-- WORK INSTRUCTION --
Go through the data below and repeat it exactly, skipping each picture.

[Items listed in a dataset]
══════════

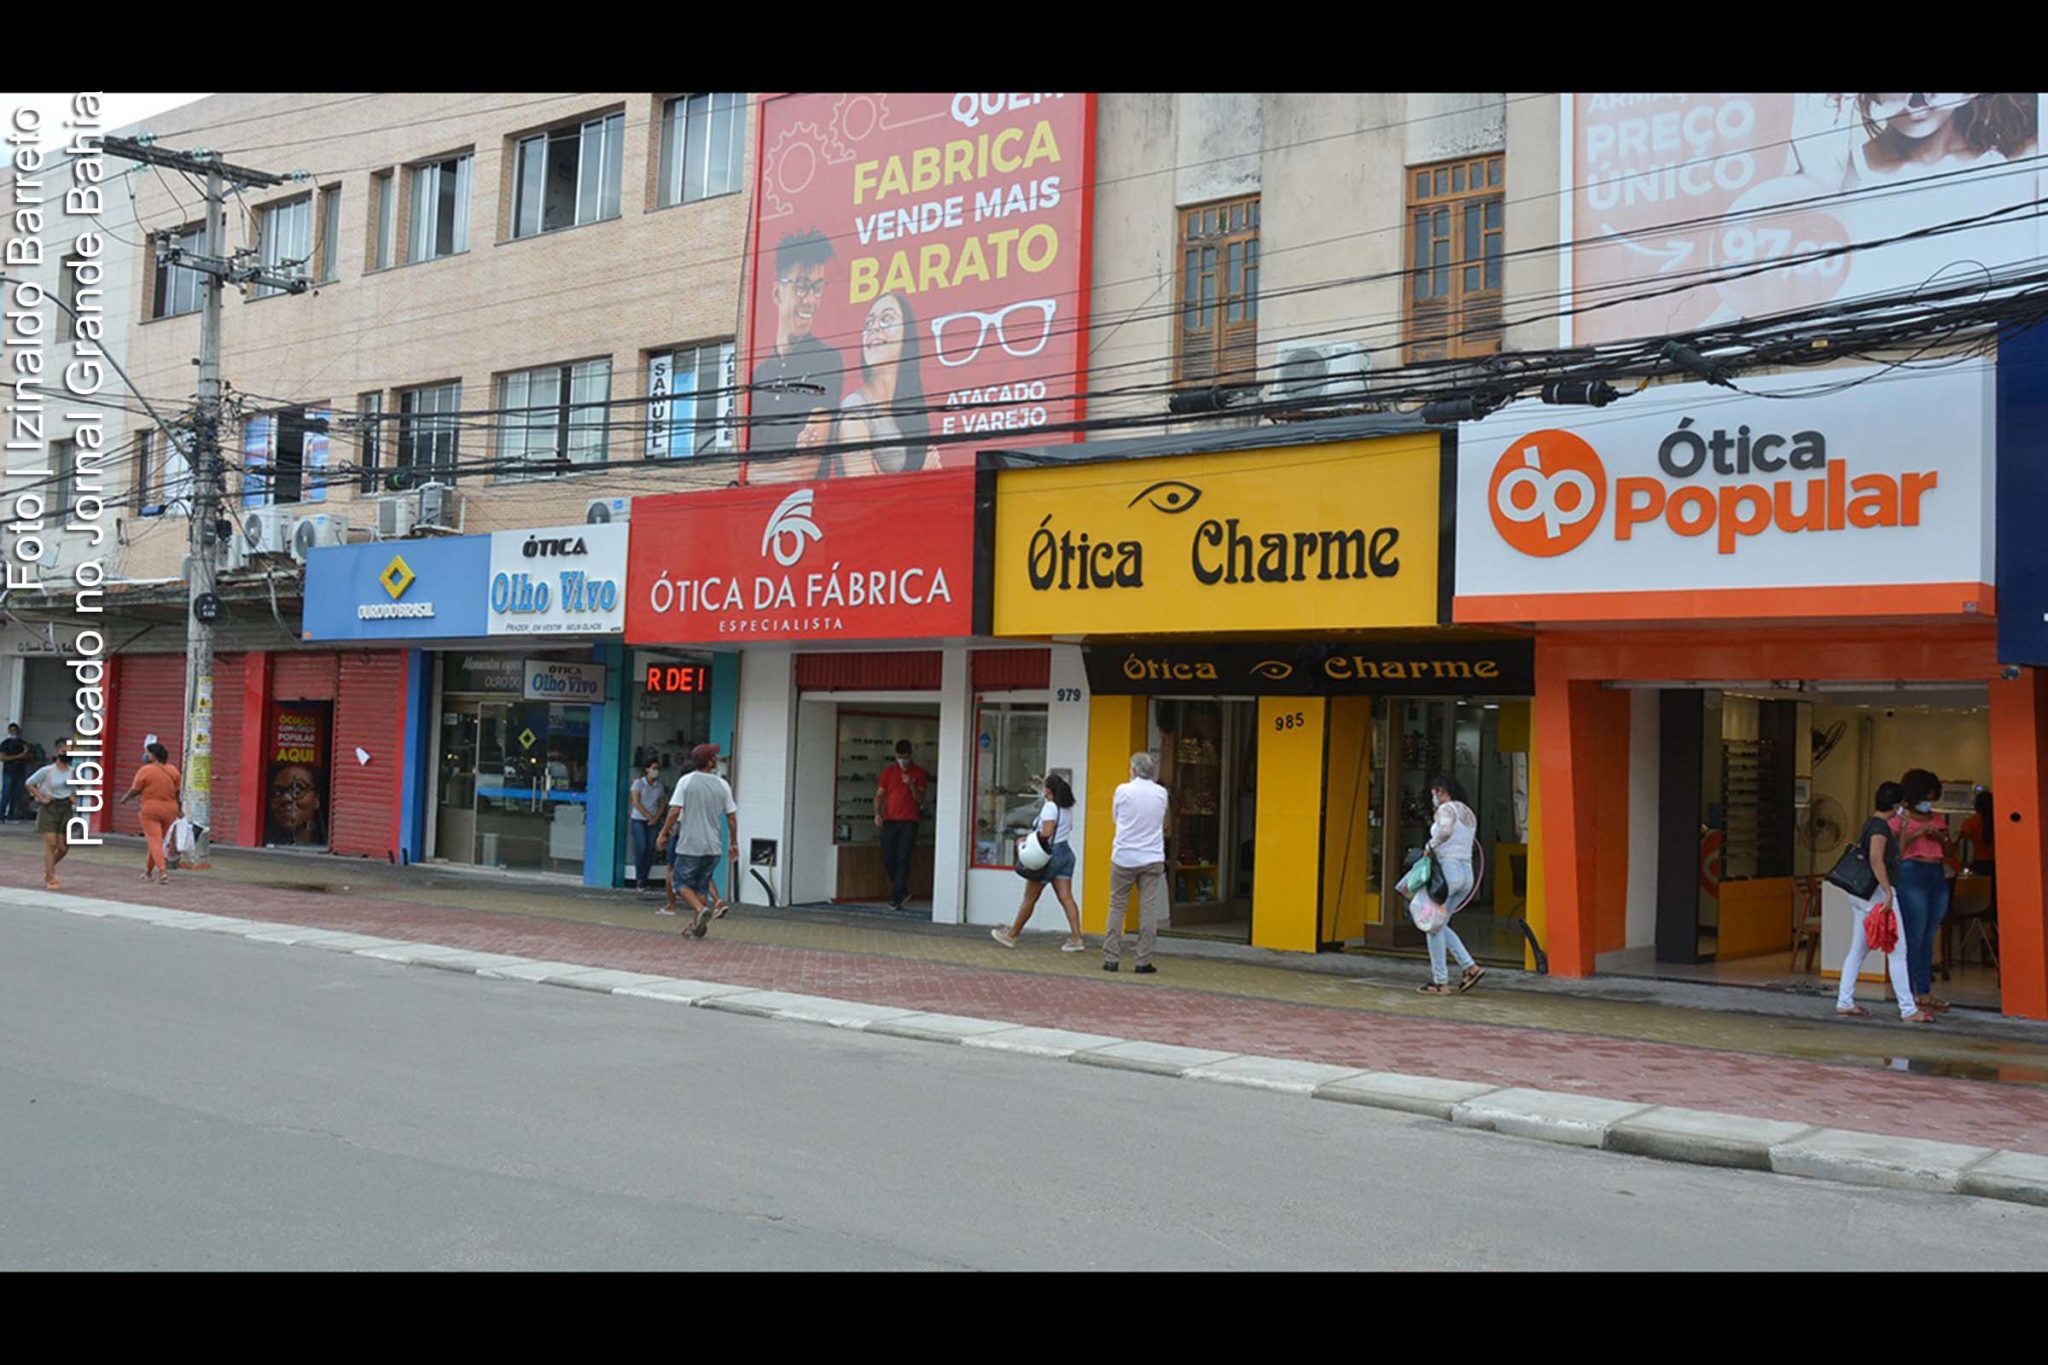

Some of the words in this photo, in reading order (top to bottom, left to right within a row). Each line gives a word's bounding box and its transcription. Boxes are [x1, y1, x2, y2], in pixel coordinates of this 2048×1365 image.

[1586, 101, 1756, 164] PREÇO
[853, 120, 1062, 205] FABRICA
[1586, 153, 1755, 210] ÚNICO
[855, 195, 964, 245] VENDE
[974, 176, 1061, 222] MAIS
[849, 223, 1059, 304] BARATO
[945, 380, 1047, 408] ATACADO
[942, 417, 956, 434] E
[961, 406, 1047, 433] VAREJO
[1657, 417, 1826, 478] Ótica
[1614, 459, 1938, 554] Popular
[523, 534, 588, 558] ÓTICA
[1028, 514, 1143, 591] Ótica
[1192, 518, 1400, 585] Charme
[491, 572, 551, 614] Olho
[560, 571, 618, 612] Vivo
[650, 571, 744, 613] ÓTICA
[754, 575, 797, 609] DA
[807, 562, 952, 607] FÁBRICA
[719, 617, 844, 632] ESPECIALISTA
[532, 673, 566, 691] Olho
[569, 679, 598, 694] Vivo
[666, 668, 693, 691] DE
[1123, 652, 1219, 681] Ótica
[1324, 656, 1500, 680] Charme
[1057, 688, 1081, 701] 979
[1275, 712, 1304, 730] 985
[276, 748, 315, 762] AQUI
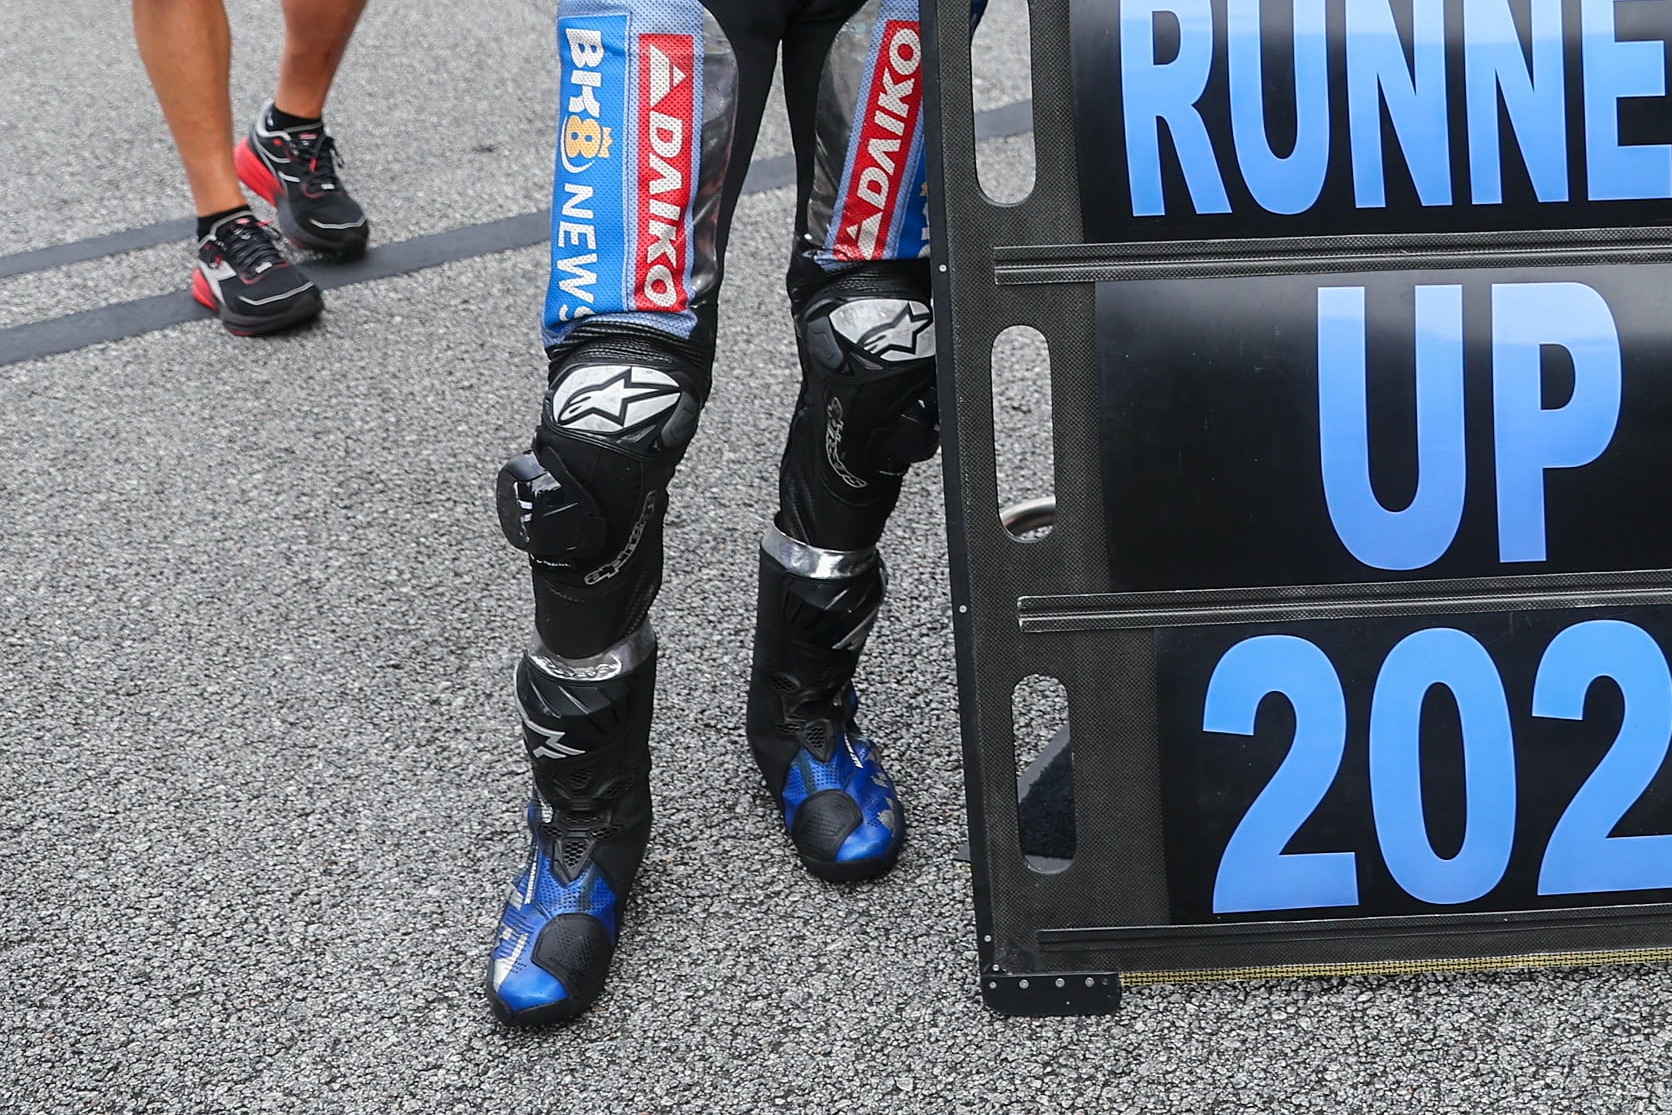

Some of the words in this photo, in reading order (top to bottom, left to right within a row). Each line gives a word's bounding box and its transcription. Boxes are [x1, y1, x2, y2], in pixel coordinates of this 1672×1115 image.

══════════

-- COMPLETED EXERCISE --
Some of the words in this photo, in reading order (top to bottom, left to right within a row). Each line gives a word's bounding box and its transcription. Boxes are [x1, y1, x2, y2], in pixel coordinates of this 2048×1365 image.

[1586, 101, 1756, 164] PREÇO
[853, 120, 1062, 205] FABRICA
[1586, 153, 1755, 210] ÚNICO
[855, 195, 964, 245] VENDE
[974, 176, 1061, 222] MAIS
[849, 223, 1059, 304] BARATO
[945, 380, 1047, 408] ATACADO
[942, 417, 956, 434] E
[961, 406, 1047, 433] VAREJO
[1657, 417, 1826, 478] Ótica
[1614, 459, 1938, 554] Popular
[523, 534, 588, 558] ÓTICA
[1028, 514, 1143, 591] Ótica
[1192, 518, 1400, 585] Charme
[491, 572, 551, 614] Olho
[560, 571, 618, 612] Vivo
[650, 571, 744, 613] ÓTICA
[754, 575, 797, 609] DA
[807, 562, 952, 607] FÁBRICA
[719, 617, 844, 632] ESPECIALISTA
[532, 673, 566, 691] Olho
[569, 679, 598, 694] Vivo
[666, 668, 693, 691] DE
[1123, 652, 1219, 681] Ótica
[1324, 656, 1500, 680] Charme
[1057, 688, 1081, 701] 979
[1275, 712, 1304, 730] 985
[276, 748, 315, 762] AQUI

Some of the words in this photo, in reading order (top to bottom, left to right within a row). Each line gives a word's bounding box and its transcription. Boxes are [x1, y1, x2, y2], in pixel coordinates of this 1672×1115 image.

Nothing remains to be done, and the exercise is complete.